Exercise directions
What you give back must match the records below exactly.

Referring expression grounding data
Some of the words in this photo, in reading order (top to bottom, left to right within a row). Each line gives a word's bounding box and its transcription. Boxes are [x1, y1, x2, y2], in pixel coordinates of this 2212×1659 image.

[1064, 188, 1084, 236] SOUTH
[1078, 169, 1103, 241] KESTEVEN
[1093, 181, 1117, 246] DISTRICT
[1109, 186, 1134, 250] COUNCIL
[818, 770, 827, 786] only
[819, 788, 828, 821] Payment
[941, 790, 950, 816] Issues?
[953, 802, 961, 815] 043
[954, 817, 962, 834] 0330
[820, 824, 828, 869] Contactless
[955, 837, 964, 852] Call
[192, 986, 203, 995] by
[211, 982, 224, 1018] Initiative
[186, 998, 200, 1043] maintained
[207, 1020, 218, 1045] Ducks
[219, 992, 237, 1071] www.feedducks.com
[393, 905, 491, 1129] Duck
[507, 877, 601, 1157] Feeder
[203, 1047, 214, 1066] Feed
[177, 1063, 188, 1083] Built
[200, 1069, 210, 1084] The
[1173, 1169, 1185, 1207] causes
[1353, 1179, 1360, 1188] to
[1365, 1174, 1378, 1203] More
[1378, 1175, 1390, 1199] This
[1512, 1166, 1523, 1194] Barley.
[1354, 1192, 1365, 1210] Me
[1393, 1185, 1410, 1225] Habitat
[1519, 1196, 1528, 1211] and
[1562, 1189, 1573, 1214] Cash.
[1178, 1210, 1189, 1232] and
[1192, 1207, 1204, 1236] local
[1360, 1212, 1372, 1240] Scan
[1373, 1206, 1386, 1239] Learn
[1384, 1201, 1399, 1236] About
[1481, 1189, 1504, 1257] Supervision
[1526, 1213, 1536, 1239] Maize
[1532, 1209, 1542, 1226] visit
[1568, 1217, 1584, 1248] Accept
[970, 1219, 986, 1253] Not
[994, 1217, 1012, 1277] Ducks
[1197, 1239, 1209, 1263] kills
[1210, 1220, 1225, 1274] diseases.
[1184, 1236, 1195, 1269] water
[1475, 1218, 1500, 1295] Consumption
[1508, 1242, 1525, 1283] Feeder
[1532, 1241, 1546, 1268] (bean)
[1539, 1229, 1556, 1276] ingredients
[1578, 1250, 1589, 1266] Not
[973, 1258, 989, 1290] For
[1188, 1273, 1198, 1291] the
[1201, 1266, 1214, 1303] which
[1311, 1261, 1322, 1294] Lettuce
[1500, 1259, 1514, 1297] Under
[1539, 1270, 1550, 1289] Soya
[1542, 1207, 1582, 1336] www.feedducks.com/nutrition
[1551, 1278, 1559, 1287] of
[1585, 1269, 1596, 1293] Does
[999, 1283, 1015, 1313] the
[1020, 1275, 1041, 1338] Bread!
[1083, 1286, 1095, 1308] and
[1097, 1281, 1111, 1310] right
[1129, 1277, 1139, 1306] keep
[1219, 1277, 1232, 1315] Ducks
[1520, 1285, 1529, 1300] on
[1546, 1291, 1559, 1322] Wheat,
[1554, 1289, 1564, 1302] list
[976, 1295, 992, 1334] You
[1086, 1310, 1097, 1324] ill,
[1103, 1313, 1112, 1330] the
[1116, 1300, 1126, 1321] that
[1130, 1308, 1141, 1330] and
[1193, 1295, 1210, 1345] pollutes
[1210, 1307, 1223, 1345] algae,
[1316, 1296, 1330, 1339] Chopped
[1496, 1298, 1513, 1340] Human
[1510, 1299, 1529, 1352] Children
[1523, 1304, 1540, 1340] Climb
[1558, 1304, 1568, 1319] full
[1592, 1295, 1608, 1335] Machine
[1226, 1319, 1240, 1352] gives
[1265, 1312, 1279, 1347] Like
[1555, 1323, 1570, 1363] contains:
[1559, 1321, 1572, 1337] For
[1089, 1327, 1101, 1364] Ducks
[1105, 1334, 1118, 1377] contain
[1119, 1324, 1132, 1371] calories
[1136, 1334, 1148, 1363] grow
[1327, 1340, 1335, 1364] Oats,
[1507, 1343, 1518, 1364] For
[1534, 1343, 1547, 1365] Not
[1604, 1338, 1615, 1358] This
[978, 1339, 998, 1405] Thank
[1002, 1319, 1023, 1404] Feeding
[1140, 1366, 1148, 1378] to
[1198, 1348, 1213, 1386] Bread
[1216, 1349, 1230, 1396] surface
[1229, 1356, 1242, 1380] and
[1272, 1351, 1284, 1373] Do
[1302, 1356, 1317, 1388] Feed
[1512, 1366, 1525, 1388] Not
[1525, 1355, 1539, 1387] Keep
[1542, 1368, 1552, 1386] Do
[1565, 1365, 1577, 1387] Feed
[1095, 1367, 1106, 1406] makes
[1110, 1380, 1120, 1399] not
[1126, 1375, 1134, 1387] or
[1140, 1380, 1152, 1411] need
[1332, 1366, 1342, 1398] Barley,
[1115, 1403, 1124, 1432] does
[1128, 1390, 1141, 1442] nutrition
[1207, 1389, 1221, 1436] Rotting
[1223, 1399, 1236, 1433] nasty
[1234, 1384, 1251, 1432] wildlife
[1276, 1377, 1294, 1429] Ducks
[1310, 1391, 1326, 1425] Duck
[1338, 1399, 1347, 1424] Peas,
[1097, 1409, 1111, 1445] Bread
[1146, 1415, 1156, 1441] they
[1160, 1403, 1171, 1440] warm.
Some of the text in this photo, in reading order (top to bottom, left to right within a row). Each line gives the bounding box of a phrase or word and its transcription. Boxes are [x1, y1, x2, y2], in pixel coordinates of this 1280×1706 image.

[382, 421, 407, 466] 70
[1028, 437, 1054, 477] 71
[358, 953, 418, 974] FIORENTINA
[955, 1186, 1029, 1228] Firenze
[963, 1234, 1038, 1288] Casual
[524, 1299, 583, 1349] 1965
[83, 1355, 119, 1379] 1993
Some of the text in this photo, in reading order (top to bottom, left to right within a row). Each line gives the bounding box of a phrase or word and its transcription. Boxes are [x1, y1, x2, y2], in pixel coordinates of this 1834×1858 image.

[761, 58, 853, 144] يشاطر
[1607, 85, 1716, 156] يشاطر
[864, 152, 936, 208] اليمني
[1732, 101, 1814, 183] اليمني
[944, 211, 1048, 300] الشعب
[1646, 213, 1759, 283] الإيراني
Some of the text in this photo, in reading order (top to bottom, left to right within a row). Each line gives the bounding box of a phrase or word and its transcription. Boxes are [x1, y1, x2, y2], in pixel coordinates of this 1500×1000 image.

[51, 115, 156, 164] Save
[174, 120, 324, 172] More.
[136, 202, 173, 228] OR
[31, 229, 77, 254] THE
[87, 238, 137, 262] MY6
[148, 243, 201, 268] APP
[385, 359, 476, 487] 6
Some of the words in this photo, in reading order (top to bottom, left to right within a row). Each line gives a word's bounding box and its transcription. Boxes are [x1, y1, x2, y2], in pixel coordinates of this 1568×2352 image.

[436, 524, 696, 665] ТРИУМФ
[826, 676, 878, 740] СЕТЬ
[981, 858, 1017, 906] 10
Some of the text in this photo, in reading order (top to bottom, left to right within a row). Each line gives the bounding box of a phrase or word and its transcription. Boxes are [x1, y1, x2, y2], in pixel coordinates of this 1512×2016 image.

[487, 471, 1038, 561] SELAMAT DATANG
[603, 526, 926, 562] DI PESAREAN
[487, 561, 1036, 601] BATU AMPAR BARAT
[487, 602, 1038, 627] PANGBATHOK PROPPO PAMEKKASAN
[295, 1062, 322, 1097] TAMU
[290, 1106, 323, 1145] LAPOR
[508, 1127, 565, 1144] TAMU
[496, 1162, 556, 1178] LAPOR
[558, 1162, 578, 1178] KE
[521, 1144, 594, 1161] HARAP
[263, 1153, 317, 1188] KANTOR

Solution for this exercise
Some of the words in this photo, in reading order (top to bottom, left to right within a row). Each line gives a word's bounding box and its transcription. Boxes are [x1, y1, x2, y2], in pixel coordinates of this 2212×1659 image.

[1064, 188, 1084, 236] SOUTH
[1078, 169, 1103, 241] KESTEVEN
[1093, 181, 1117, 246] DISTRICT
[1109, 186, 1134, 250] COUNCIL
[818, 770, 827, 786] only
[819, 788, 828, 821] Payment
[941, 790, 950, 816] Issues?
[953, 802, 961, 815] 043
[954, 817, 962, 834] 0330
[820, 824, 828, 869] Contactless
[955, 837, 964, 852] Call
[192, 986, 203, 995] by
[211, 982, 224, 1018] Initiative
[186, 998, 200, 1043] maintained
[207, 1020, 218, 1045] Ducks
[219, 992, 237, 1071] www.feedducks.com
[393, 905, 491, 1129] Duck
[507, 877, 601, 1157] Feeder
[203, 1047, 214, 1066] Feed
[177, 1063, 188, 1083] Built
[200, 1069, 210, 1084] The
[1173, 1169, 1185, 1207] causes
[1353, 1179, 1360, 1188] to
[1365, 1174, 1378, 1203] More
[1378, 1175, 1390, 1199] This
[1512, 1166, 1523, 1194] Barley.
[1354, 1192, 1365, 1210] Me
[1393, 1185, 1410, 1225] Habitat
[1519, 1196, 1528, 1211] and
[1562, 1189, 1573, 1214] Cash.
[1178, 1210, 1189, 1232] and
[1192, 1207, 1204, 1236] local
[1360, 1212, 1372, 1240] Scan
[1373, 1206, 1386, 1239] Learn
[1384, 1201, 1399, 1236] About
[1481, 1189, 1504, 1257] Supervision
[1526, 1213, 1536, 1239] Maize
[1532, 1209, 1542, 1226] visit
[1568, 1217, 1584, 1248] Accept
[970, 1219, 986, 1253] Not
[994, 1217, 1012, 1277] Ducks
[1197, 1239, 1209, 1263] kills
[1210, 1220, 1225, 1274] diseases.
[1184, 1236, 1195, 1269] water
[1475, 1218, 1500, 1295] Consumption
[1508, 1242, 1525, 1283] Feeder
[1532, 1241, 1546, 1268] (bean)
[1539, 1229, 1556, 1276] ingredients
[1578, 1250, 1589, 1266] Not
[973, 1258, 989, 1290] For
[1188, 1273, 1198, 1291] the
[1201, 1266, 1214, 1303] which
[1311, 1261, 1322, 1294] Lettuce
[1500, 1259, 1514, 1297] Under
[1539, 1270, 1550, 1289] Soya
[1542, 1207, 1582, 1336] www.feedducks.com/nutrition
[1551, 1278, 1559, 1287] of
[1585, 1269, 1596, 1293] Does
[999, 1283, 1015, 1313] the
[1020, 1275, 1041, 1338] Bread!
[1083, 1286, 1095, 1308] and
[1097, 1281, 1111, 1310] right
[1129, 1277, 1139, 1306] keep
[1219, 1277, 1232, 1315] Ducks
[1520, 1285, 1529, 1300] on
[1546, 1291, 1559, 1322] Wheat,
[1554, 1289, 1564, 1302] list
[976, 1295, 992, 1334] You
[1086, 1310, 1097, 1324] ill,
[1103, 1313, 1112, 1330] the
[1116, 1300, 1126, 1321] that
[1130, 1308, 1141, 1330] and
[1193, 1295, 1210, 1345] pollutes
[1210, 1307, 1223, 1345] algae,
[1316, 1296, 1330, 1339] Chopped
[1496, 1298, 1513, 1340] Human
[1510, 1299, 1529, 1352] Children
[1523, 1304, 1540, 1340] Climb
[1558, 1304, 1568, 1319] full
[1592, 1295, 1608, 1335] Machine
[1226, 1319, 1240, 1352] gives
[1265, 1312, 1279, 1347] Like
[1555, 1323, 1570, 1363] contains:
[1559, 1321, 1572, 1337] For
[1089, 1327, 1101, 1364] Ducks
[1105, 1334, 1118, 1377] contain
[1119, 1324, 1132, 1371] calories
[1136, 1334, 1148, 1363] grow
[1327, 1340, 1335, 1364] Oats,
[1507, 1343, 1518, 1364] For
[1534, 1343, 1547, 1365] Not
[1604, 1338, 1615, 1358] This
[978, 1339, 998, 1405] Thank
[1002, 1319, 1023, 1404] Feeding
[1140, 1366, 1148, 1378] to
[1198, 1348, 1213, 1386] Bread
[1216, 1349, 1230, 1396] surface
[1229, 1356, 1242, 1380] and
[1272, 1351, 1284, 1373] Do
[1302, 1356, 1317, 1388] Feed
[1512, 1366, 1525, 1388] Not
[1525, 1355, 1539, 1387] Keep
[1542, 1368, 1552, 1386] Do
[1565, 1365, 1577, 1387] Feed
[1095, 1367, 1106, 1406] makes
[1110, 1380, 1120, 1399] not
[1126, 1375, 1134, 1387] or
[1140, 1380, 1152, 1411] need
[1332, 1366, 1342, 1398] Barley,
[1115, 1403, 1124, 1432] does
[1128, 1390, 1141, 1442] nutrition
[1207, 1389, 1221, 1436] Rotting
[1223, 1399, 1236, 1433] nasty
[1234, 1384, 1251, 1432] wildlife
[1276, 1377, 1294, 1429] Ducks
[1310, 1391, 1326, 1425] Duck
[1338, 1399, 1347, 1424] Peas,
[1097, 1409, 1111, 1445] Bread
[1146, 1415, 1156, 1441] they
[1160, 1403, 1171, 1440] warm.
Some of the text in this photo, in reading order (top to bottom, left to right within a row). Each line gives the bounding box of a phrase or word and its transcription. Boxes are [x1, y1, x2, y2], in pixel coordinates of this 1280×1706 image.

[382, 421, 407, 466] 70
[1028, 437, 1054, 477] 71
[358, 953, 418, 974] FIORENTINA
[955, 1186, 1029, 1228] Firenze
[963, 1234, 1038, 1288] Casual
[524, 1299, 583, 1349] 1965
[83, 1355, 119, 1379] 1993
Some of the text in this photo, in reading order (top to bottom, left to right within a row). Each line gives the bounding box of a phrase or word and its transcription. Boxes are [x1, y1, x2, y2], in pixel coordinates of this 1834×1858 image.

[761, 58, 853, 144] يشاطر
[1607, 85, 1716, 156] يشاطر
[864, 152, 936, 208] اليمني
[1732, 101, 1814, 183] اليمني
[944, 211, 1048, 300] الشعب
[1646, 213, 1759, 283] الإيراني
Some of the text in this photo, in reading order (top to bottom, left to right within a row). Each line gives the bounding box of a phrase or word and its transcription. Boxes are [x1, y1, x2, y2], in pixel coordinates of this 1500×1000 image.

[51, 115, 156, 164] Save
[174, 120, 324, 172] More.
[136, 202, 173, 228] OR
[31, 229, 77, 254] THE
[87, 238, 137, 262] MY6
[148, 243, 201, 268] APP
[385, 359, 476, 487] 6
Some of the words in this photo, in reading order (top to bottom, left to right within a row). Each line gives a word's bounding box and its transcription. Boxes are [x1, y1, x2, y2], in pixel coordinates of this 1568×2352 image.

[436, 524, 696, 665] ТРИУМФ
[826, 676, 878, 740] СЕТЬ
[981, 858, 1017, 906] 10
Some of the text in this photo, in reading order (top to bottom, left to right within a row). Each line gives the bounding box of a phrase or word and its transcription. Boxes are [x1, y1, x2, y2], in pixel coordinates of this 1512×2016 image.

[487, 471, 1038, 561] SELAMAT DATANG
[603, 526, 926, 562] DI PESAREAN
[487, 561, 1036, 601] BATU AMPAR BARAT
[487, 602, 1038, 627] PANGBATHOK PROPPO PAMEKKASAN
[295, 1062, 322, 1097] TAMU
[290, 1106, 323, 1145] LAPOR
[508, 1127, 565, 1144] TAMU
[496, 1162, 556, 1178] LAPOR
[558, 1162, 578, 1178] KE
[521, 1144, 594, 1161] HARAP
[263, 1153, 317, 1188] KANTOR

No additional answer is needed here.